Indeed, nutritional-supplement proponents stress consumer education is the key to sustaining growth in the category across all retail venues and to expanding formats, like mail order, that demand self-reliance of shoppers. The educated shopper, the argument goes, is an unintimidated shopper; she knows what she wants and will more freely part with her money to get it.
Noteworthy is the fact that, in August at least, the average supplement purchase in a supermarket totaled $6.77, compared with $13.53 through direct mail or a catalog, according to Hartman & New Hope.
"As people become more educated, they become more confident and they will go other places. It's going to depend on more consumer knowledge before [mail order and the Internet are] a factor," said J.B. Pratt, owner of Pratt Discount Foods, Shawnee, Okla. "I look at it as a kind of down-the-road phenomenon."
Jonathan Ziegler, a San Francisco-based analyst for Salomon Smith Barney, New York, said he believed mail-order pharmacy operations have significant growth potential, noting that American Stores Co. and Fred Meyer Inc., among others, already have mail-order pharmacy services. "I'm convinced that if you have a mail-order business established for pharmacy, what is to stop you from, say, developing a catalog [for vitamins and supplements]."
Gregory Miller, a spokesman for General Nutrition Cos., Pittsburgh, said GNC had a catalog division but discontinued it because "it seemed, at that point, to be underperforming."

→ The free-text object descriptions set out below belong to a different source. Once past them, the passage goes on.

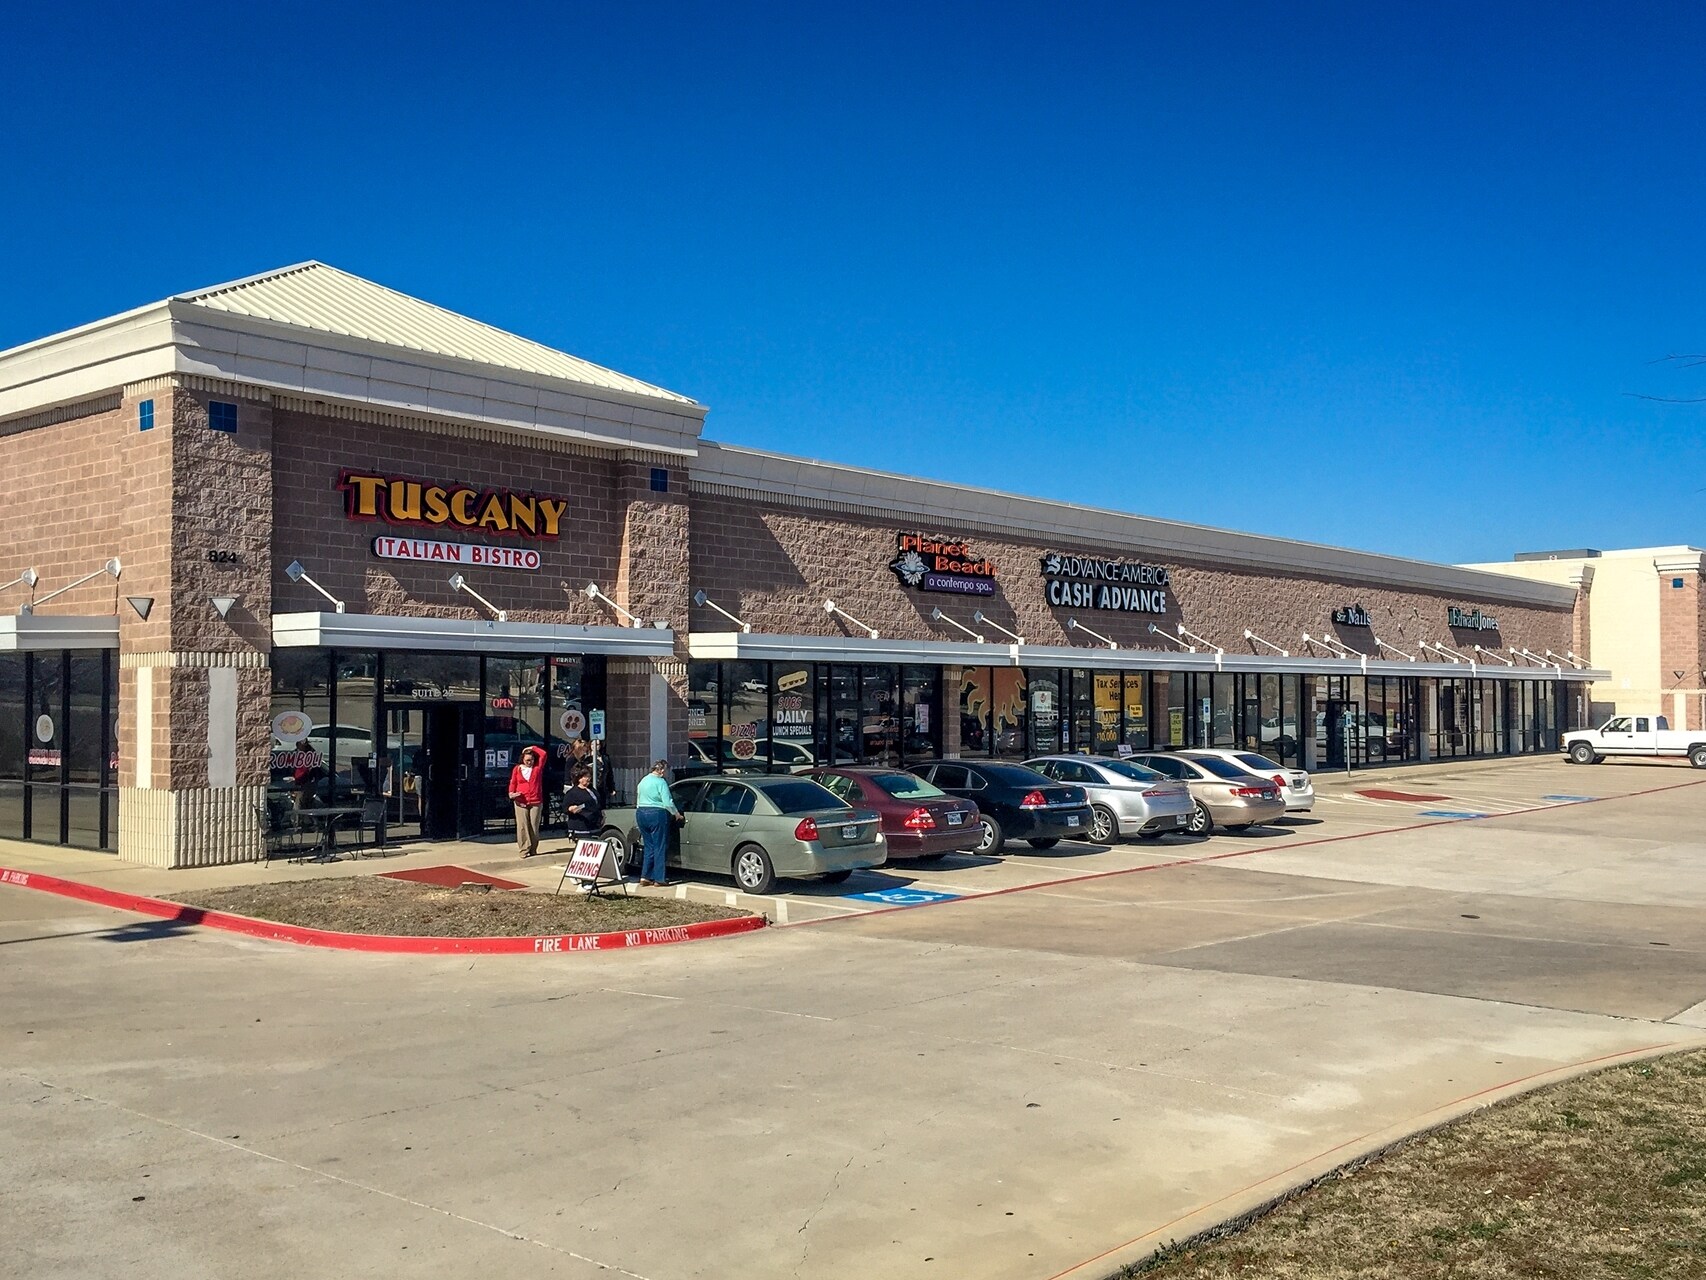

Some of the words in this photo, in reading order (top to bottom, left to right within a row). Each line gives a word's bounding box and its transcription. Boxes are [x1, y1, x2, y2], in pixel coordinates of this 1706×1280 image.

[349, 476, 567, 535] TUSCANY
[378, 538, 460, 560] ITALIAN
[472, 547, 538, 568] BISTRO
[903, 535, 970, 556] Planet
[209, 550, 237, 563] 824
[935, 556, 998, 575] Beach
[1061, 558, 1118, 580] ADVANCE
[1121, 566, 1170, 586] AMERICA
[929, 578, 935, 586] a
[936, 577, 974, 591] contempo
[1050, 580, 1093, 607] CASH
[1100, 586, 1166, 613] ADVANCE
[1348, 609, 1371, 625] Nails
[1453, 608, 1479, 627] Edward
[1479, 611, 1498, 630] Jones
[1096, 679, 1108, 688] Tax
[411, 689, 440, 698] SUITE
[492, 699, 513, 708] OPEN
[778, 697, 802, 709] SUBS
[776, 710, 808, 724] DAILY
[730, 723, 757, 737] PIZZA
[772, 726, 788, 736] LUNCH
[789, 725, 812, 736] SPECIALS
[580, 843, 601, 858] NOW
[568, 861, 600, 877] HIRING
[534, 938, 562, 952] FIRE
[569, 936, 600, 951] LANE
[625, 932, 640, 947] NO
[646, 928, 690, 943] PARKING
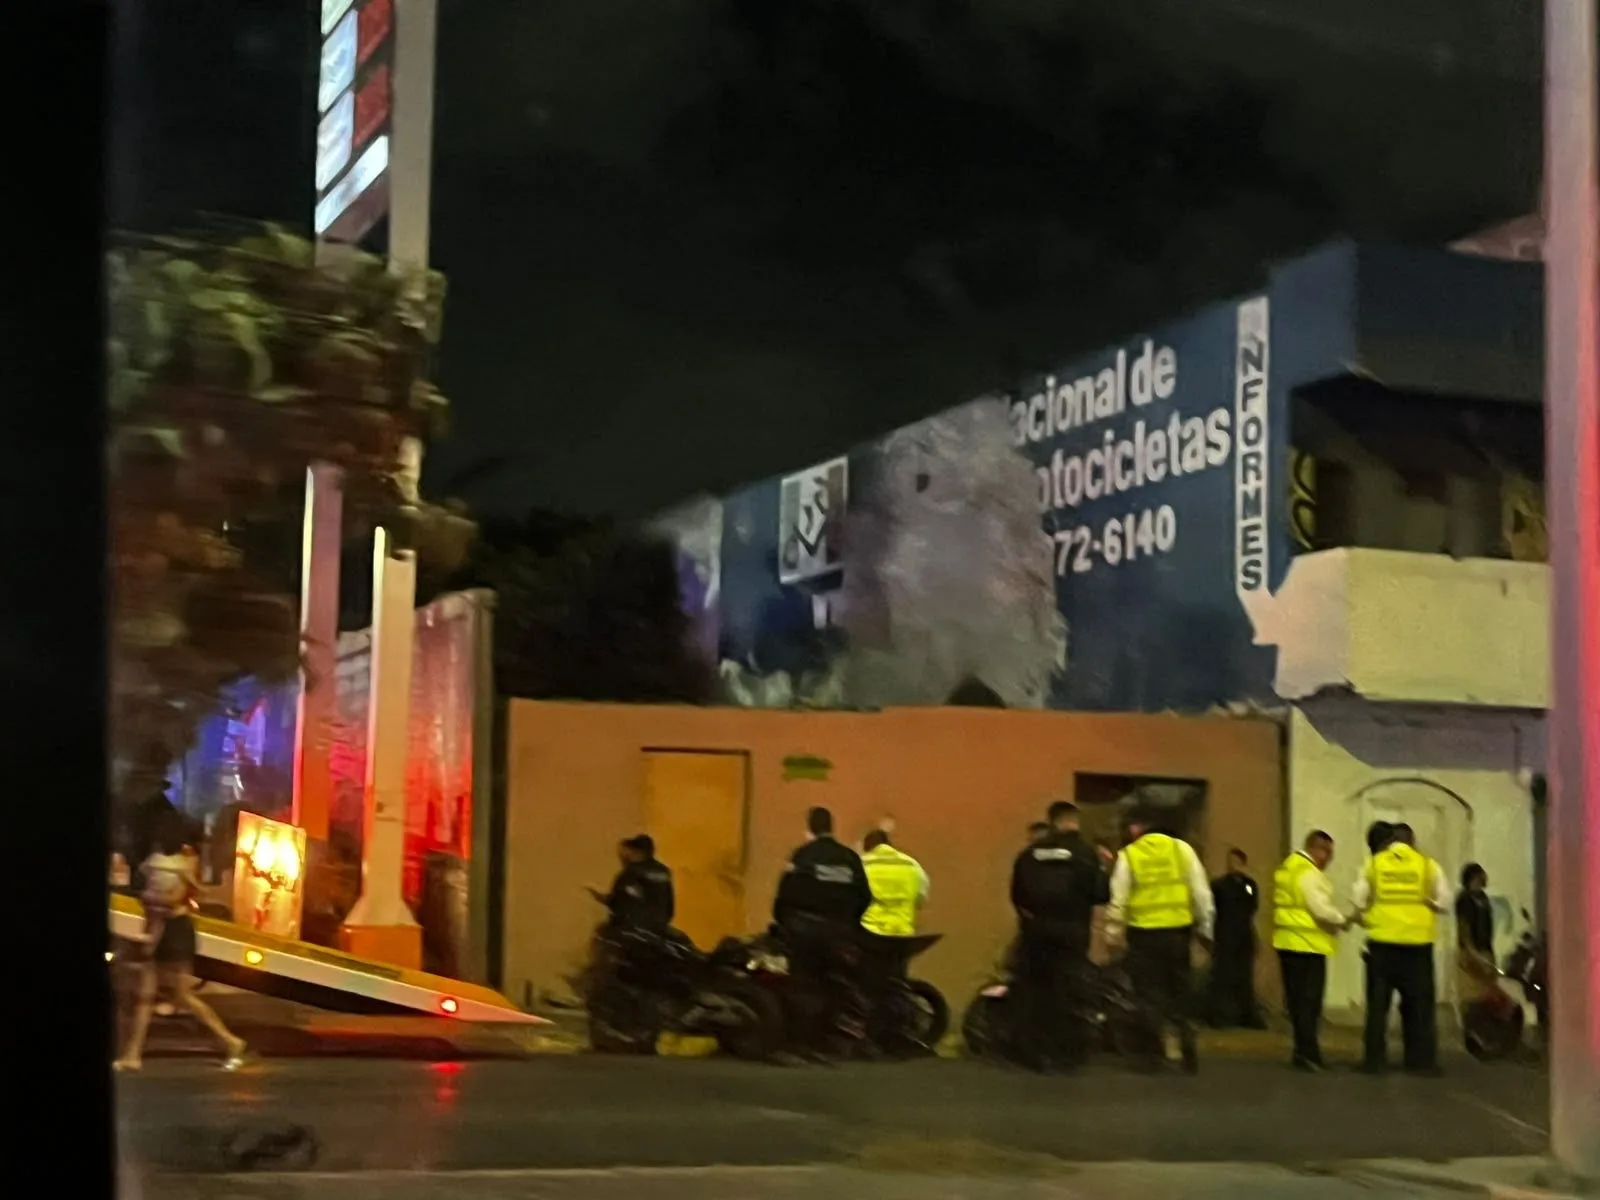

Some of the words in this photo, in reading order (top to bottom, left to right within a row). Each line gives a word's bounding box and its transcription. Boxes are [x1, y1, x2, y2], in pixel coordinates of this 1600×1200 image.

Regarding a possible revival of GNC's mail-order service, and the option of selling products on its Web site, Miller said, "Both are under consideration. It strikes me that there is a fair amount of crossover potential."
Only $218,000 worth of vitamins, minerals and herbs were sold over the Internet to Hartman & New Hope's sample participants in the month of August -- average purchase price: $7.80 -- which translates into essentially 0% of total sales.
For Wild Oats Markets, its natural health and beauty care, or Natural Living, departments, which include nutritional supplements, are the fastest-growing and most profitable part of its business, said Michael Gilliland, chief executive officer, at SN's recent Food Retailing Summit in Palm Beach, Fla. The Boulder, Colo.-based retailer, which last month began selling products on its Web site, wildoats.com, is counting on Natural Living to do brisk on-line business, Gilliland said.
Retailers insist that regardless of whether Internet sales of nutritional supplements take off, consumers aren't about to abandon traditional bricks-and-mortar stores.
"Internet aside, people are always going to walk into a store and do their shopping where it's convenient," said Miller.
Bill Mansfield, vice president of general merchandise at Marsh Supermarkets, Indianapolis, said, "Supermarkets are seeing that customer very frequently through the week, and if we carry that product the customer wants, it's very natural that we'll get that sale, and we'll probably offer it at a better price."